Stored data entries:
━━━━
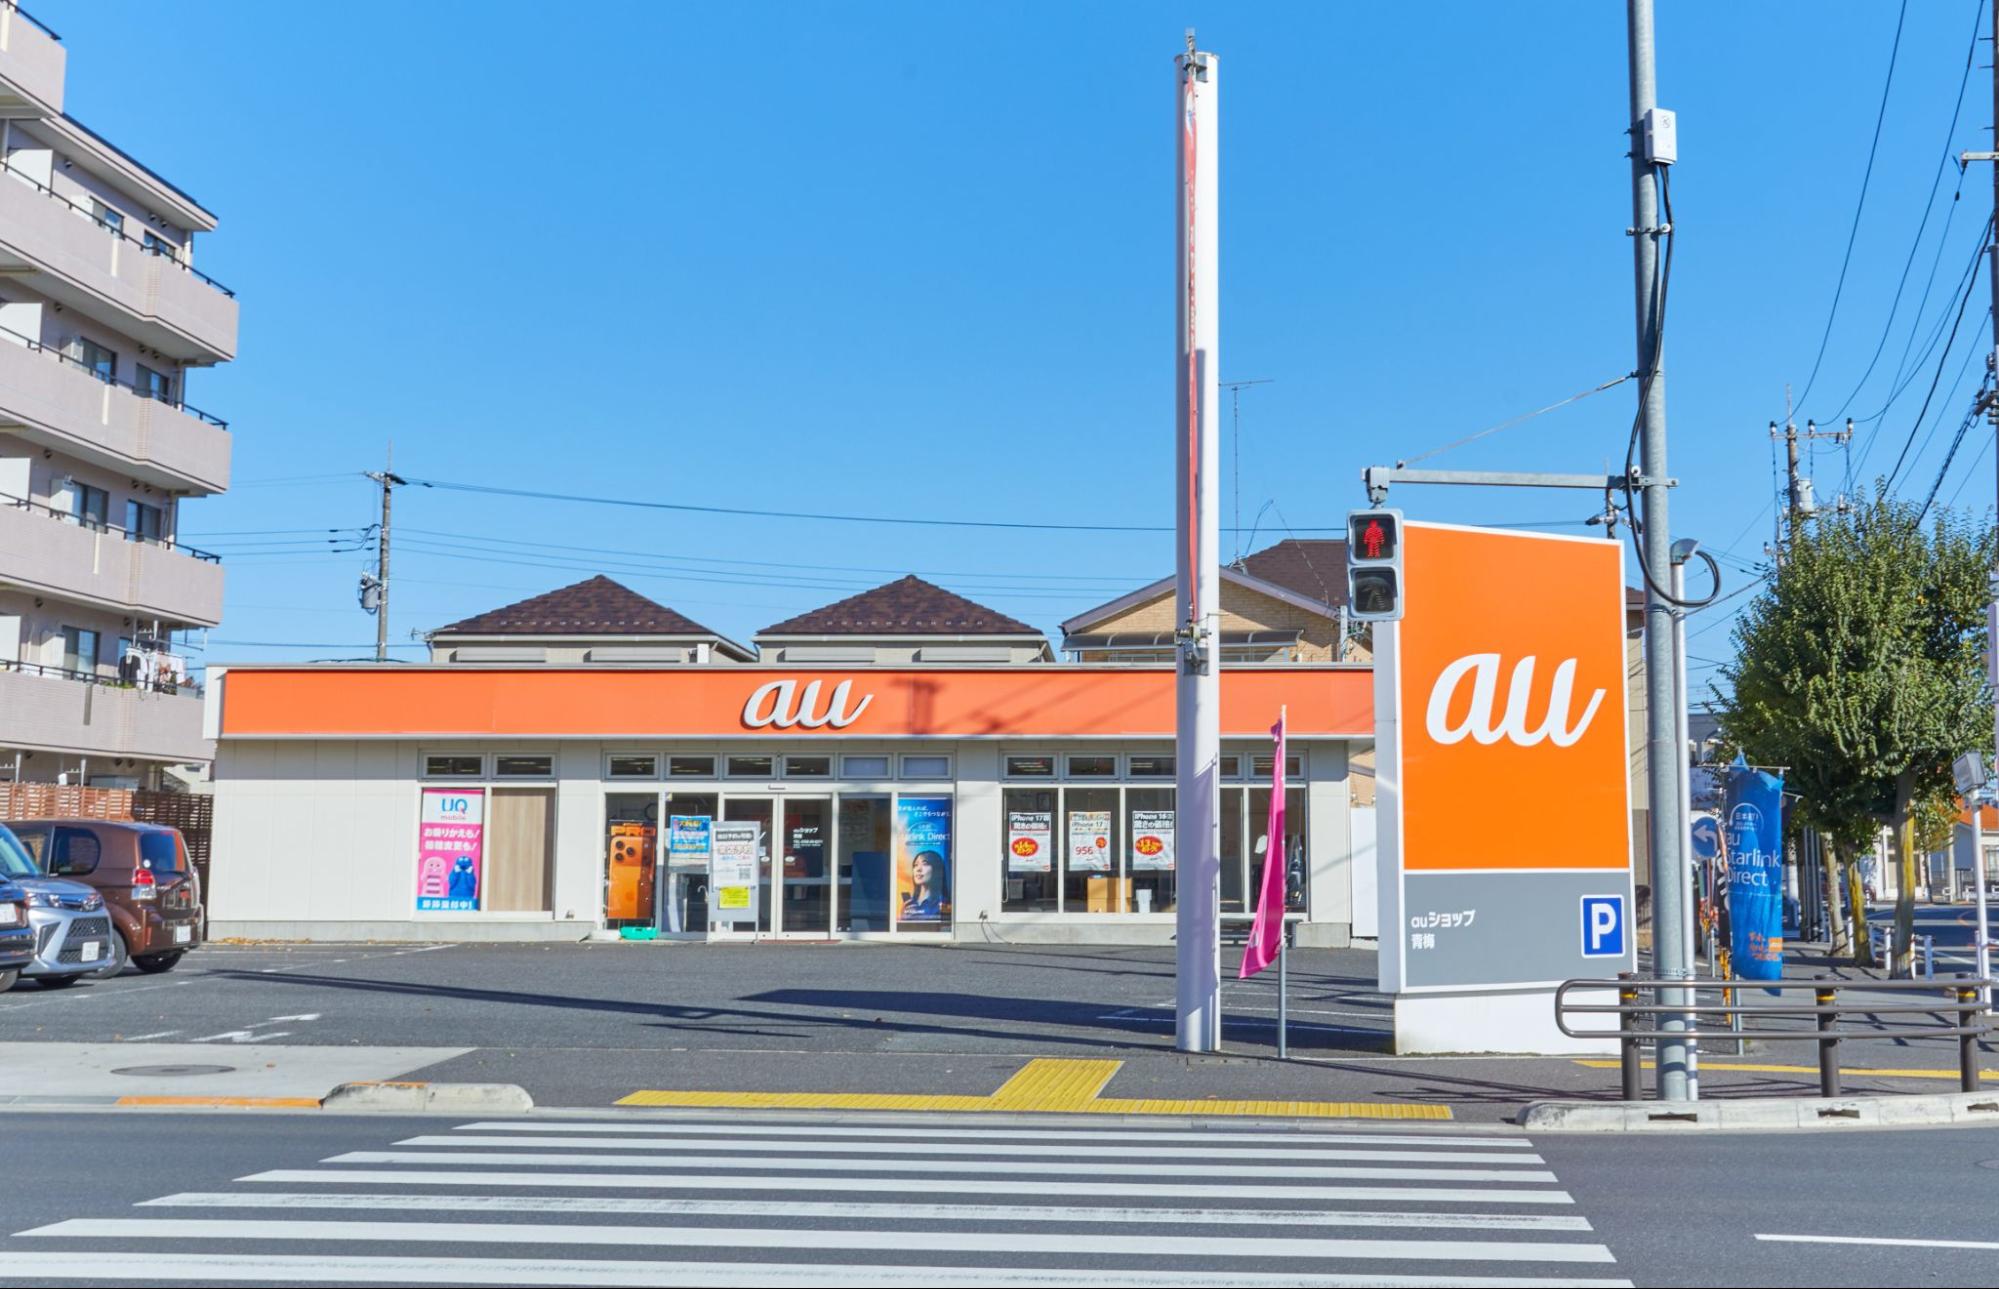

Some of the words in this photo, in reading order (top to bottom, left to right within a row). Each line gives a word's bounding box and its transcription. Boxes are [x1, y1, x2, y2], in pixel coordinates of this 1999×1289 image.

[743, 679, 874, 728] au
[1426, 653, 1606, 747] au
[441, 798, 468, 814] UQ
[1727, 832, 1741, 846] au
[1727, 866, 1769, 887] Direct
[1410, 909, 1476, 929] auショップ
[1591, 903, 1617, 950] P
[1411, 933, 1436, 950] 青梅
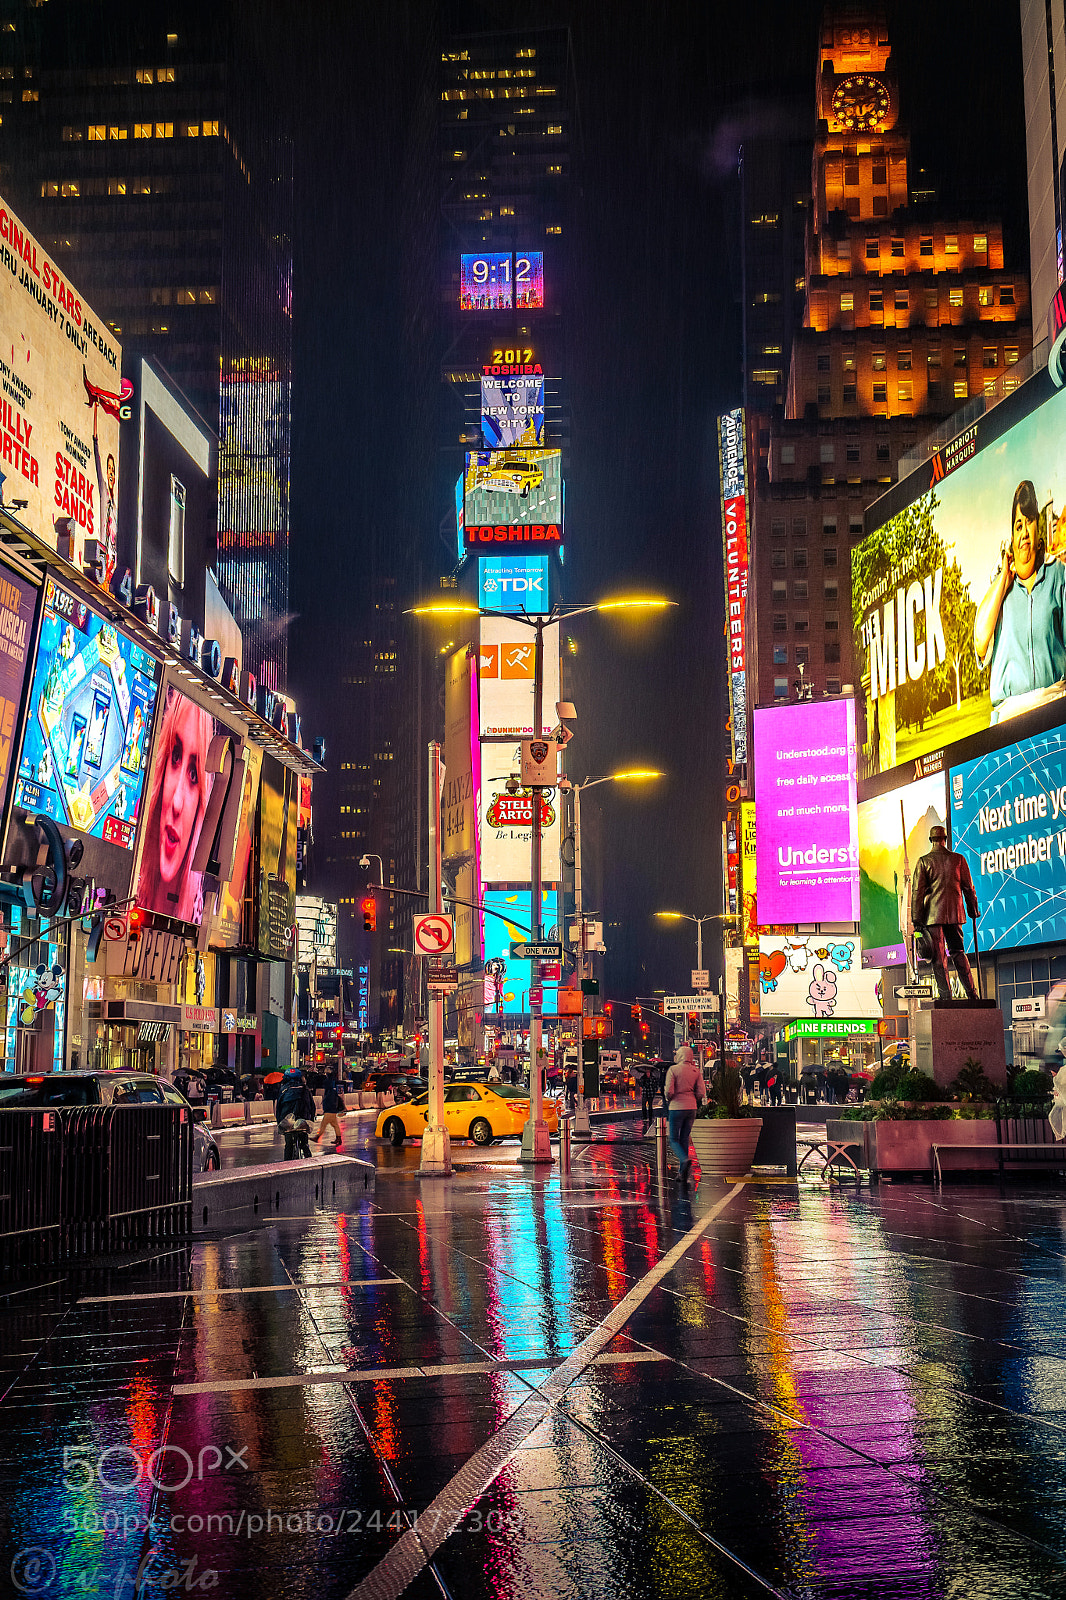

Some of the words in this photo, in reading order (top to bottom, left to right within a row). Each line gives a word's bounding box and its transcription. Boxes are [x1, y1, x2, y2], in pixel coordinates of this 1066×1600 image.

[473, 258, 531, 283] 9:12
[19, 268, 58, 323] JANUARY
[59, 312, 65, 329] 7
[65, 322, 88, 358] ONLY!
[42, 261, 82, 326] STARS
[82, 318, 98, 347] ARE
[98, 336, 117, 370] BACK
[493, 349, 533, 364] 2017
[482, 364, 543, 375] TOSHIBA
[11, 373, 32, 399] AWARD
[484, 379, 542, 389] WELCOME
[505, 393, 521, 402] TO
[481, 407, 507, 416] NEW
[512, 405, 544, 414] YORK
[499, 419, 526, 428] CITY
[60, 421, 74, 442] TONY
[73, 437, 91, 459] AWARD
[945, 425, 978, 458] MARRIOTT
[725, 415, 739, 487] AUDIENCE
[946, 442, 975, 472] MARQUIS
[55, 451, 94, 508] STARK
[54, 479, 94, 535] SANDS
[465, 524, 560, 542] TOSHIBA
[497, 577, 544, 592] TDK
[724, 502, 743, 670] VOLUNTEERS
[860, 570, 889, 611] Comin'
[891, 565, 900, 585] in
[860, 613, 878, 649] THE
[869, 566, 946, 701] MICK
[492, 726, 523, 734] DUNKIN'
[776, 746, 846, 760] Understood.org
[776, 777, 795, 787] free
[797, 774, 818, 786] daily
[820, 772, 851, 783] access
[499, 800, 533, 810] STELL
[777, 806, 794, 817] and
[796, 804, 821, 815] much
[823, 804, 850, 813] more.
[979, 799, 1013, 835] Next
[1013, 793, 1048, 824] time
[446, 806, 465, 837] 4:44
[496, 830, 508, 840] Be
[778, 843, 859, 867] Underst
[981, 834, 1054, 876] remember
[779, 878, 789, 887] for
[790, 877, 816, 886] learning
[823, 875, 853, 884] attention
[525, 947, 540, 955] ONE
[193, 1007, 204, 1020] POLO
[820, 1023, 867, 1033] FRIENDS
━━━━
Exercise requirements
Pictures excluded, set down all the entries exactly.

Written solution
Some of the words in this photo, in reading order (top to bottom, left to right within a row). Each line gives a word's bounding box and its transcription. Boxes are [x1, y1, x2, y2], in pixel coordinates of this 1999×1289 image.

[743, 679, 874, 728] au
[1426, 653, 1606, 747] au
[441, 798, 468, 814] UQ
[1727, 832, 1741, 846] au
[1727, 866, 1769, 887] Direct
[1410, 909, 1476, 929] auショップ
[1591, 903, 1617, 950] P
[1411, 933, 1436, 950] 青梅

Some of the words in this photo, in reading order (top to bottom, left to right within a row). Each line gives a word's bounding box and its transcription. Boxes are [x1, y1, x2, y2], in pixel coordinates of this 1066×1600 image.

[473, 258, 531, 283] 9:12
[19, 268, 58, 323] JANUARY
[59, 312, 65, 329] 7
[65, 322, 88, 358] ONLY!
[42, 261, 82, 326] STARS
[82, 318, 98, 347] ARE
[98, 336, 117, 370] BACK
[493, 349, 533, 364] 2017
[482, 364, 543, 375] TOSHIBA
[11, 373, 32, 399] AWARD
[484, 379, 542, 389] WELCOME
[505, 393, 521, 402] TO
[481, 407, 507, 416] NEW
[512, 405, 544, 414] YORK
[499, 419, 526, 428] CITY
[60, 421, 74, 442] TONY
[73, 437, 91, 459] AWARD
[945, 425, 978, 458] MARRIOTT
[725, 415, 739, 487] AUDIENCE
[946, 442, 975, 472] MARQUIS
[55, 451, 94, 508] STARK
[54, 479, 94, 535] SANDS
[465, 524, 560, 542] TOSHIBA
[497, 577, 544, 592] TDK
[724, 502, 743, 670] VOLUNTEERS
[860, 570, 889, 611] Comin'
[891, 565, 900, 585] in
[860, 613, 878, 649] THE
[869, 566, 946, 701] MICK
[492, 726, 523, 734] DUNKIN'
[776, 746, 846, 760] Understood.org
[776, 777, 795, 787] free
[797, 774, 818, 786] daily
[820, 772, 851, 783] access
[499, 800, 533, 810] STELL
[777, 806, 794, 817] and
[796, 804, 821, 815] much
[823, 804, 850, 813] more.
[979, 799, 1013, 835] Next
[1013, 793, 1048, 824] time
[446, 806, 465, 837] 4:44
[496, 830, 508, 840] Be
[778, 843, 859, 867] Underst
[981, 834, 1054, 876] remember
[779, 878, 789, 887] for
[790, 877, 816, 886] learning
[823, 875, 853, 884] attention
[525, 947, 540, 955] ONE
[193, 1007, 204, 1020] POLO
[820, 1023, 867, 1033] FRIENDS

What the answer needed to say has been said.